We will be starting by playing with fundamental Python data structures, finishing off with basic OOP.

Each exercise will span from _easy_ to _intermediate_ as per the difficulty level (_iow. no _advanced_ or above), also including a section with _Hints_ and references to documentation. 
If you get stuck with some of the exercises, **don't worry**: a _Solution_ is always provided. 

<br />

**_Caveat Emptor_**:

This notebook does not intend to provide a full coverage of all the topics necessary to assess your skills with the Python language. Similarly, the selected topics won't be necessarily assesed in full details. The level of details, as well as the very choice of these topics has been primarly guided by the set of _desired_ skills you _should_ have before taking this course. 

**_Notes on Solutions_**:

Even if in some cases a solution to an exercise may seem _straightforward_, it can always be the case that _your_ solution won't be exactly identical to the one **proposed** in the exercise. Please _bear_ in mind that solutions are indeed _proposed_, so they are not to be taken as **the** absolute truth. Conversely, different solutions are a wonderful opportunity to compare and discuss _pros_ and _cons_ (even if that would just refer to variable names). In some other cases however, _some_ solutions may be preferred over _some others_ as per being them considered **more** [**Pythonic**](https://stackoverflow.com/questions/25011078/what-does-pythonic-mean) ( Read [here](https://towardsdatascience.com/how-to-be-pythonic-and-why-you-should-care-188d63a5037e) for a more thorough explanation, if you're interested and you have time). 
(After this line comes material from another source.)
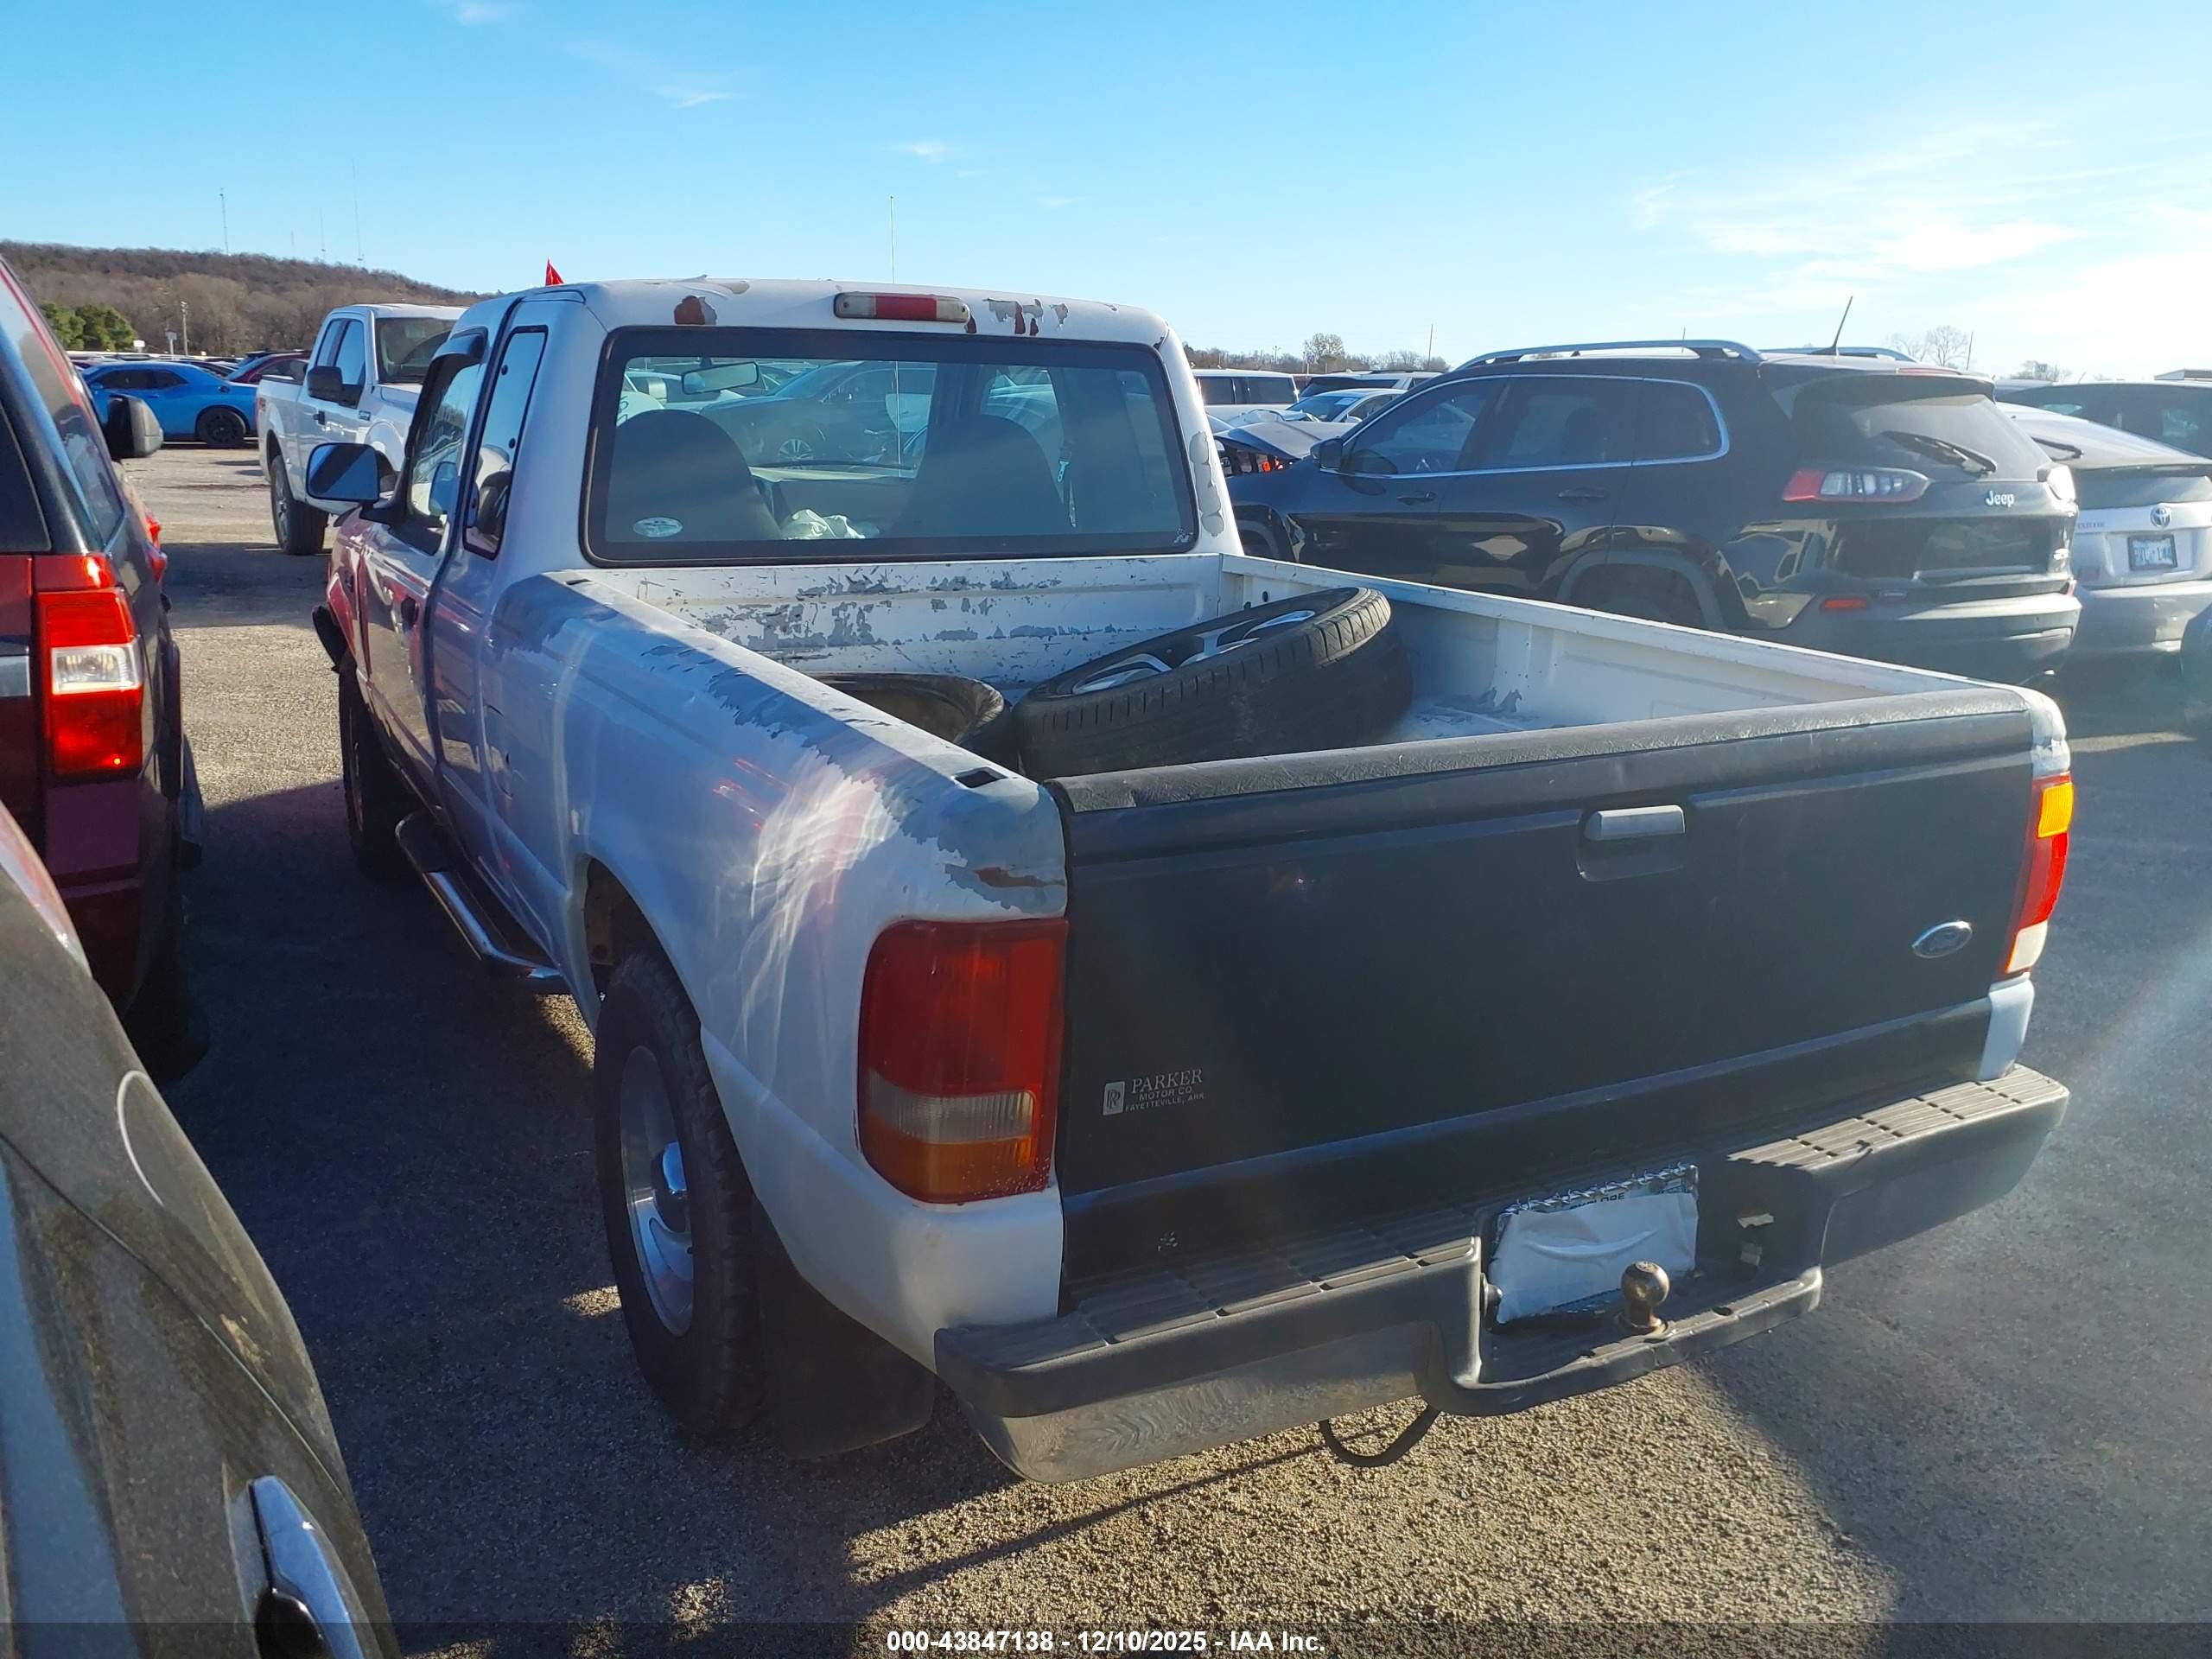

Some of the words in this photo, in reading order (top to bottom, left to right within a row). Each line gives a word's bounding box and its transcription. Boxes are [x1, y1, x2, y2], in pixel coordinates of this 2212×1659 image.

[1986, 490, 2015, 508] Jeep
[1132, 1069, 1203, 1094] PARKER
[1139, 1089, 1175, 1102] MOTOR
## 1. Fundamental Python Constructs 🧰

In this Section, some of the main constructs and paradigm of the Python language will be assessed. 

<ins>**Get Ready**:</ins> 

For this section, all you'll need to have is the [Official Python Documentation](https://docs.python.org/3.8/library/index.html) open! 
In other words, you won't be needing to use (and you should not) any other external library to solve these exercises. All code should be pure Python. Here the goal is to leverage only on the modules included in the **Standard Library**, that is the _battery included_ in the Python language.

### Basic Data Structures

In this Section we will start by generating our reference dataset to be used throught the notebook. It will also be the opportunity to practice a bit with basic data structures, `random` number generations, and I/O ops.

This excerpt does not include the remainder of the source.